Records for this task: Begin
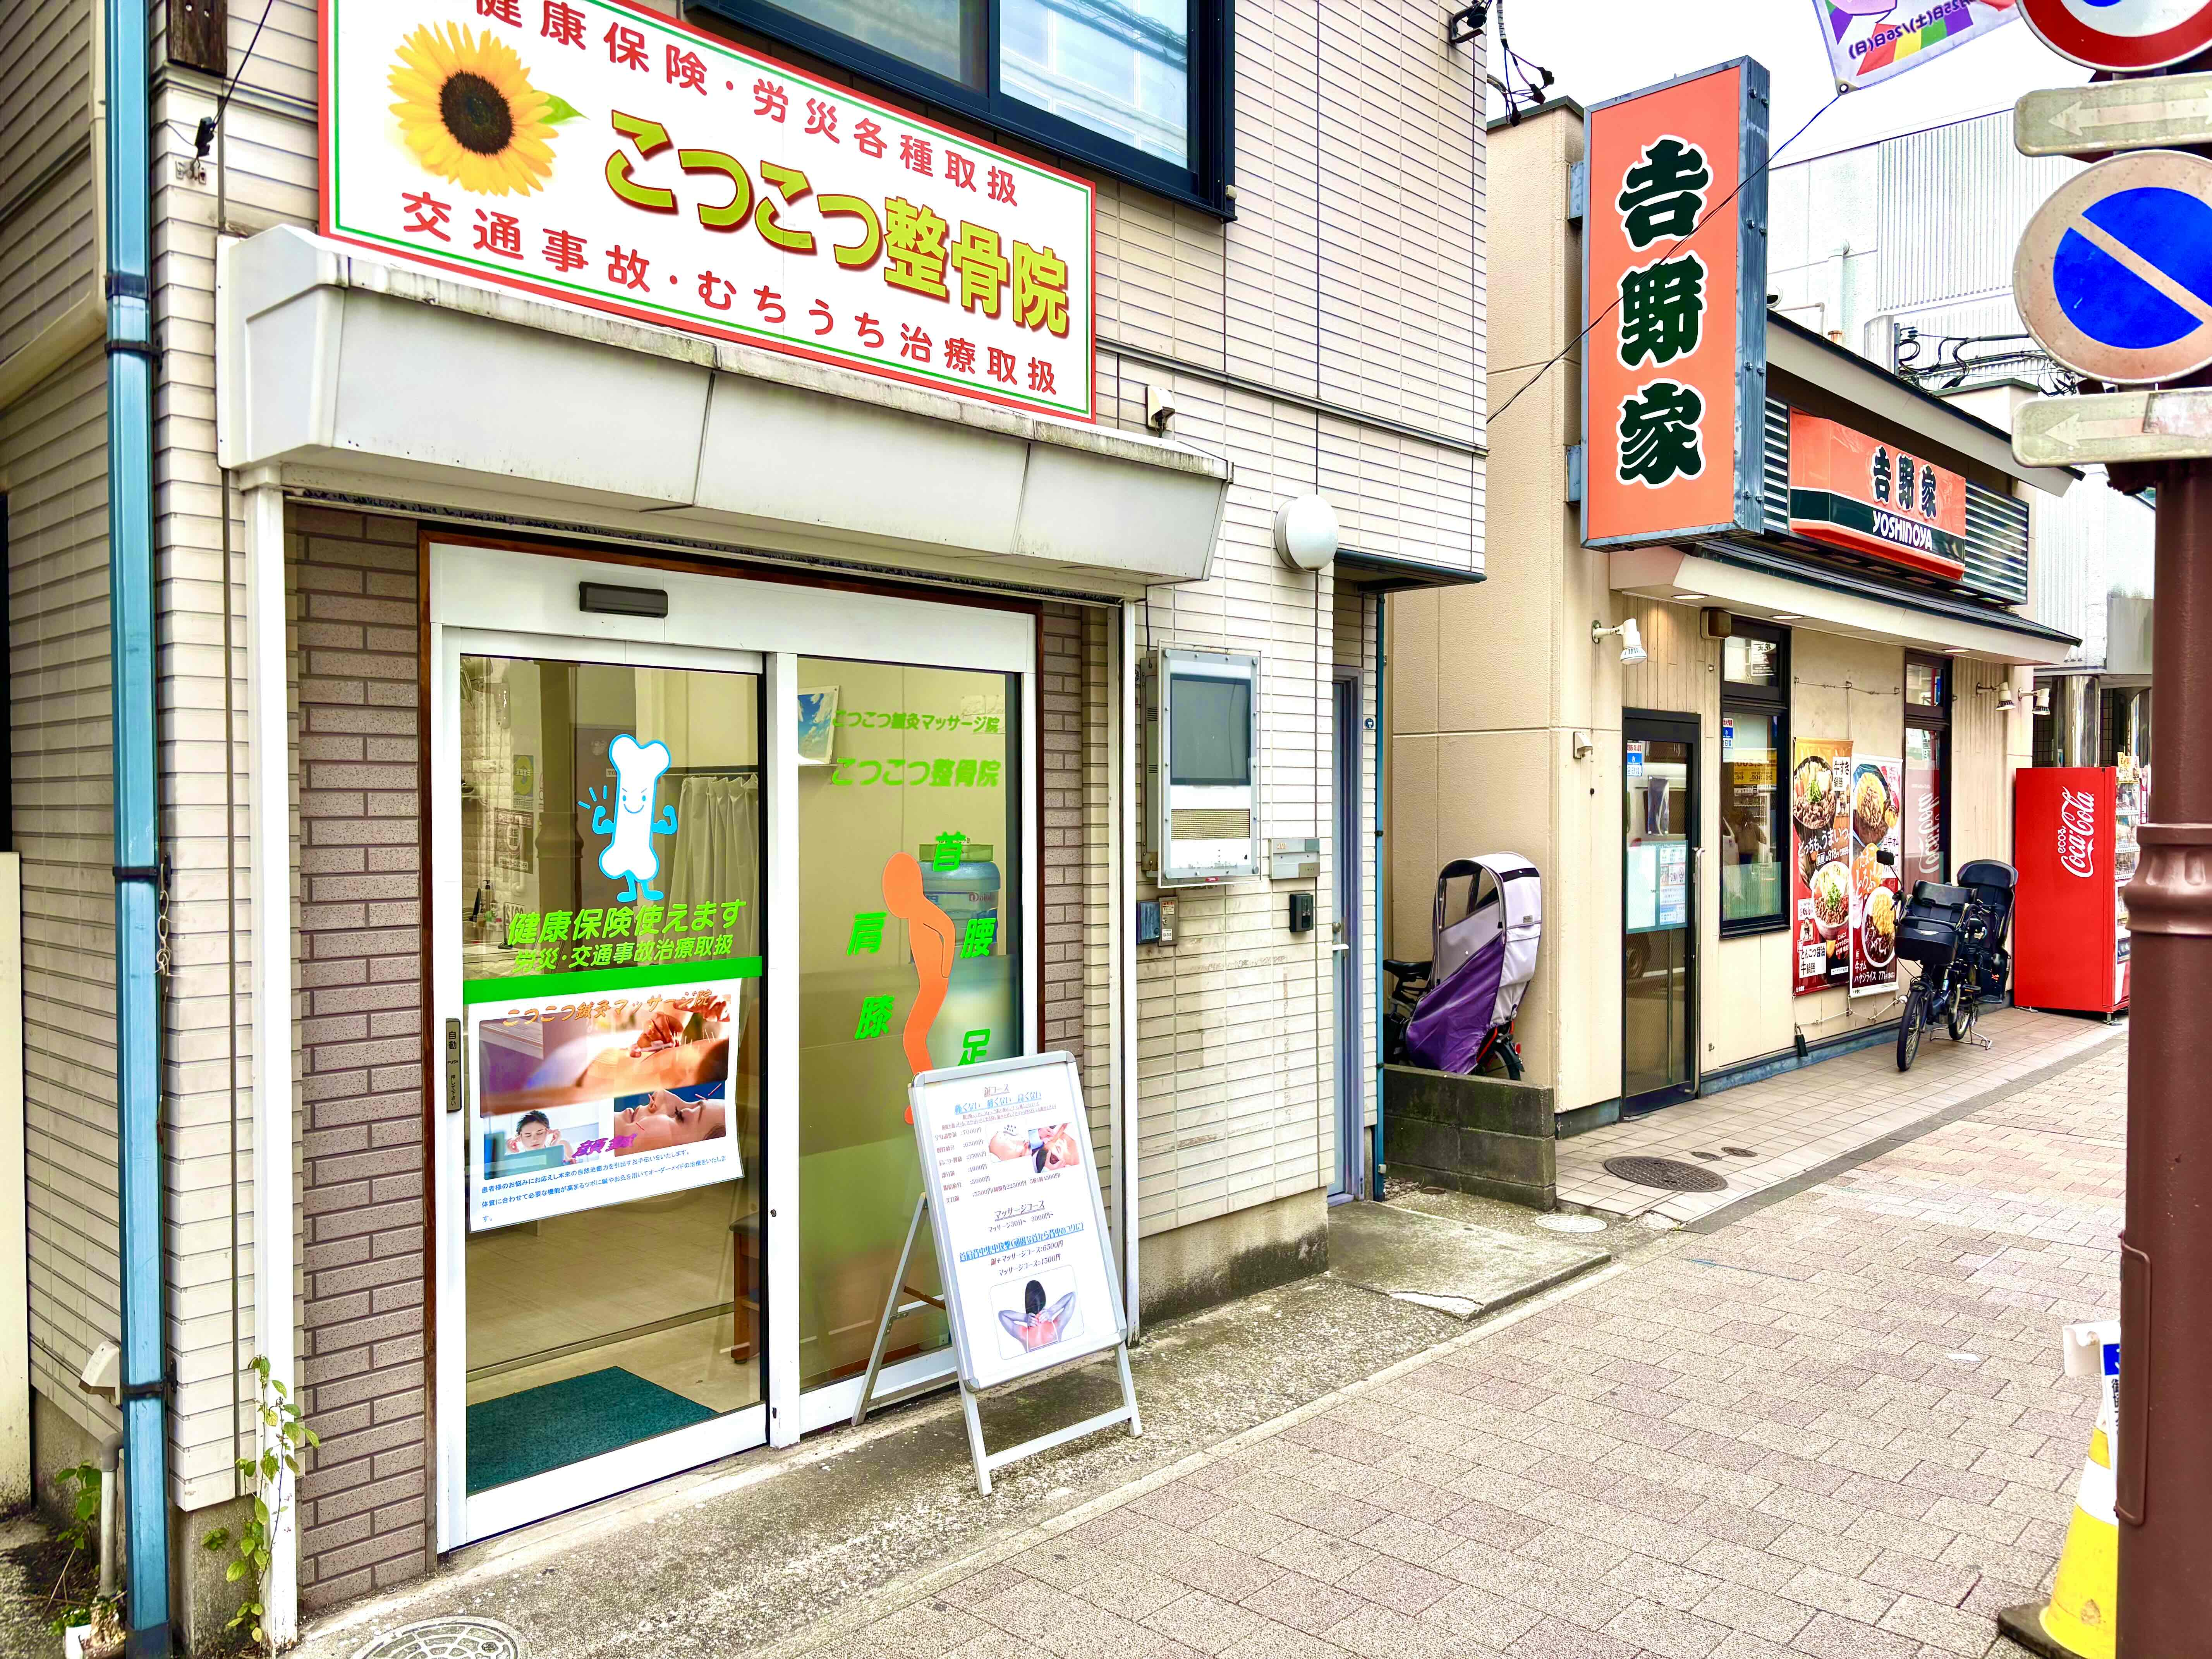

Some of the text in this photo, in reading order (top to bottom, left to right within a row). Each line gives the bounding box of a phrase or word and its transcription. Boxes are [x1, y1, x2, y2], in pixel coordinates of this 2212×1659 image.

[476, 0, 1017, 206] 健康保険・労災各種取扱
[605, 109, 1068, 336] こつこつ整骨院
[402, 191, 1057, 395] 交通事故・むちうち治療取扱
[1616, 134, 1713, 489] 吉野家
[1870, 445, 1937, 520] 吉野家
[1872, 510, 1933, 551] YOSHINOYA
[831, 757, 1001, 787] こつこつ整骨院
[1834, 760, 1850, 775] 牛すき
[933, 831, 966, 871] 首
[2061, 786, 2094, 878] Coca-Cola
[507, 899, 747, 946] 健康保険使えます
[847, 912, 997, 958] 肩 腰
[512, 934, 733, 974] 労災・交通事故治療取扱
[448, 1030, 457, 1049] 自動
[855, 994, 991, 1066] 膝 足
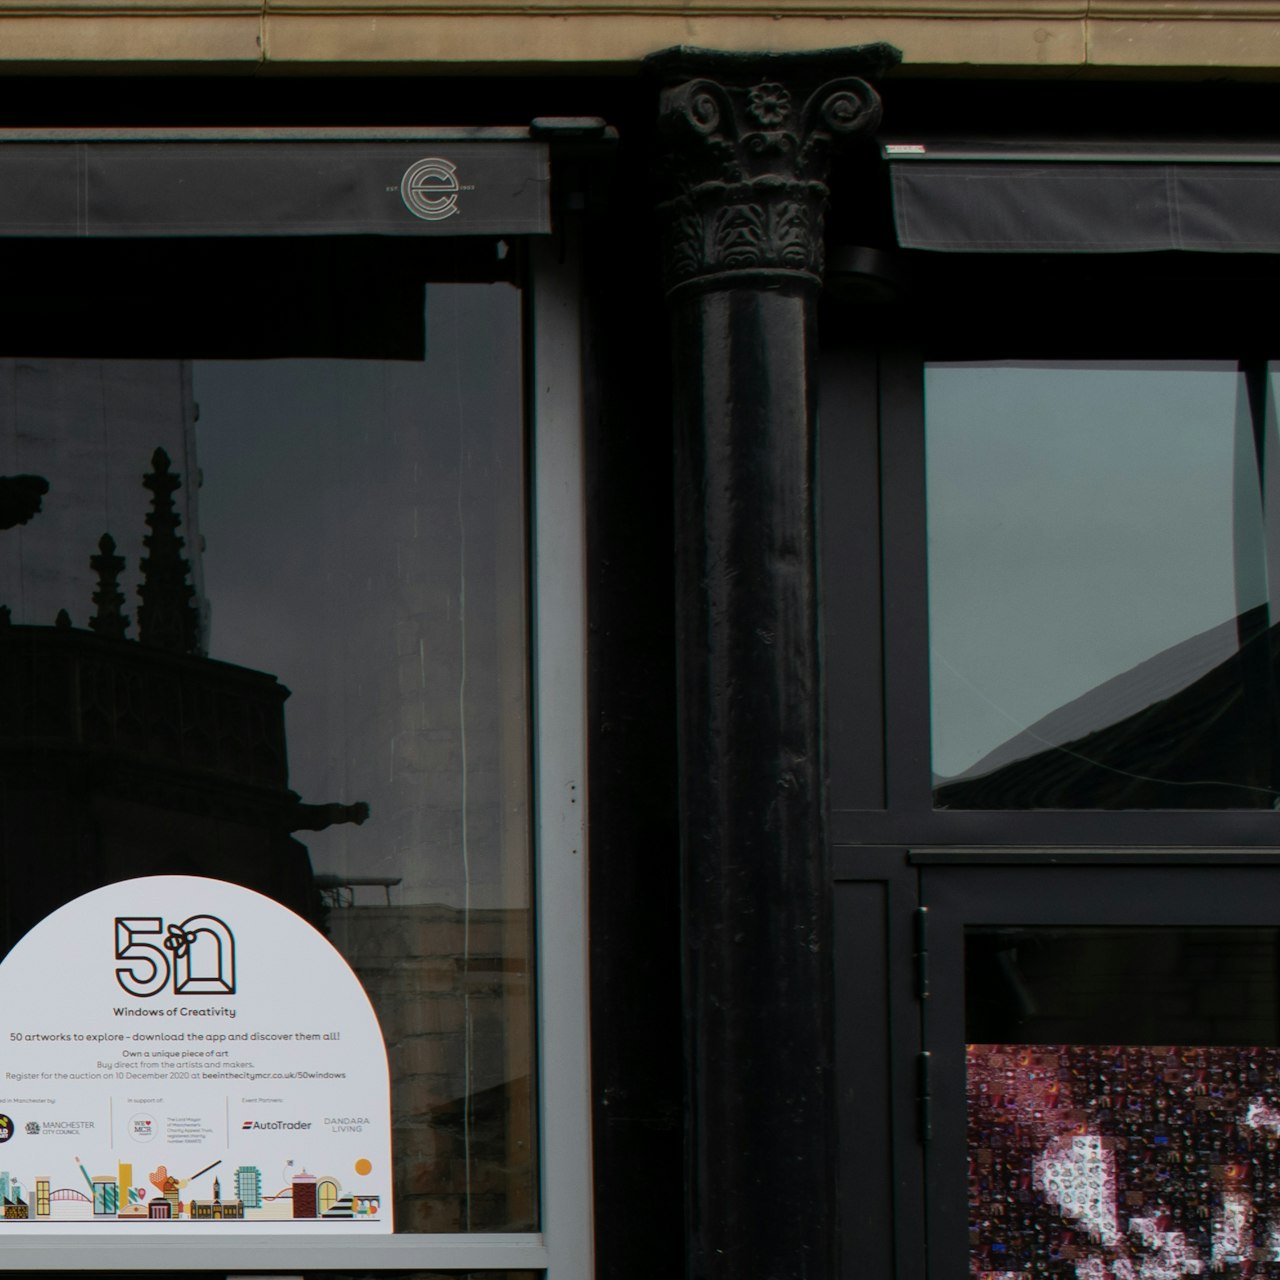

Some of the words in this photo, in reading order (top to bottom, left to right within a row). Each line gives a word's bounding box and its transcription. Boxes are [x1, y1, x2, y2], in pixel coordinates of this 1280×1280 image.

[112, 1007, 164, 1017] Windows
[166, 1007, 178, 1017] of
[179, 1007, 237, 1018] Creativity
[10, 1032, 22, 1041] 50
[24, 1032, 71, 1041] artworks
[73, 1032, 84, 1041] to
[86, 1032, 125, 1043] explore
[132, 1032, 185, 1041] download
[187, 1032, 203, 1041] the
[205, 1032, 226, 1042] app
[228, 1032, 248, 1041] and
[250, 1032, 292, 1041] discover
[294, 1032, 321, 1041] them
[322, 1032, 341, 1041] all!
[122, 1050, 142, 1058] Own
[144, 1050, 150, 1058] a
[152, 1050, 180, 1059] unique
[181, 1050, 204, 1059] piece
[205, 1050, 214, 1058] of
[215, 1050, 229, 1058] art
[97, 1061, 112, 1070] Buy
[5, 1072, 39, 1081] Register
[41, 1072, 52, 1080] for
[54, 1072, 68, 1080] the
[69, 1072, 102, 1080] auction
[103, 1072, 114, 1080] on
[115, 1072, 124, 1080] 10
[125, 1072, 168, 1080] December
[169, 1072, 190, 1080] 2020
[191, 1072, 200, 1080] at
[202, 1072, 347, 1081] beeinthecitymcr.co.uk/50windows
[42, 1121, 95, 1129] MANCHESTER
[253, 1120, 312, 1130] AutoTrader
[324, 1117, 370, 1125] DANDARA
[332, 1125, 363, 1133] LIVING
Records for this task: End
Output all lines above precisely. Pictures are to be left out.

- **Response to the task**
Some of the text in this photo, in reading order (top to bottom, left to right within a row). Each line gives the bounding box of a phrase or word and its transcription. Boxes are [x1, y1, x2, y2], in pixel coordinates of this 2212×1659 image.

[476, 0, 1017, 206] 健康保険・労災各種取扱
[605, 109, 1068, 336] こつこつ整骨院
[402, 191, 1057, 395] 交通事故・むちうち治療取扱
[1616, 134, 1713, 489] 吉野家
[1870, 445, 1937, 520] 吉野家
[1872, 510, 1933, 551] YOSHINOYA
[831, 757, 1001, 787] こつこつ整骨院
[1834, 760, 1850, 775] 牛すき
[933, 831, 966, 871] 首
[2061, 786, 2094, 878] Coca-Cola
[507, 899, 747, 946] 健康保険使えます
[847, 912, 997, 958] 肩 腰
[512, 934, 733, 974] 労災・交通事故治療取扱
[448, 1030, 457, 1049] 自動
[855, 994, 991, 1066] 膝 足

Some of the words in this photo, in reading order (top to bottom, left to right within a row). Each line gives a word's bounding box and its transcription. Boxes are [x1, y1, x2, y2], in pixel coordinates of this 1280×1280 image.

[112, 1007, 164, 1017] Windows
[166, 1007, 178, 1017] of
[179, 1007, 237, 1018] Creativity
[10, 1032, 22, 1041] 50
[24, 1032, 71, 1041] artworks
[73, 1032, 84, 1041] to
[86, 1032, 125, 1043] explore
[132, 1032, 185, 1041] download
[187, 1032, 203, 1041] the
[205, 1032, 226, 1042] app
[228, 1032, 248, 1041] and
[250, 1032, 292, 1041] discover
[294, 1032, 321, 1041] them
[322, 1032, 341, 1041] all!
[122, 1050, 142, 1058] Own
[144, 1050, 150, 1058] a
[152, 1050, 180, 1059] unique
[181, 1050, 204, 1059] piece
[205, 1050, 214, 1058] of
[215, 1050, 229, 1058] art
[97, 1061, 112, 1070] Buy
[5, 1072, 39, 1081] Register
[41, 1072, 52, 1080] for
[54, 1072, 68, 1080] the
[69, 1072, 102, 1080] auction
[103, 1072, 114, 1080] on
[115, 1072, 124, 1080] 10
[125, 1072, 168, 1080] December
[169, 1072, 190, 1080] 2020
[191, 1072, 200, 1080] at
[202, 1072, 347, 1081] beeinthecitymcr.co.uk/50windows
[42, 1121, 95, 1129] MANCHESTER
[253, 1120, 312, 1130] AutoTrader
[324, 1117, 370, 1125] DANDARA
[332, 1125, 363, 1133] LIVING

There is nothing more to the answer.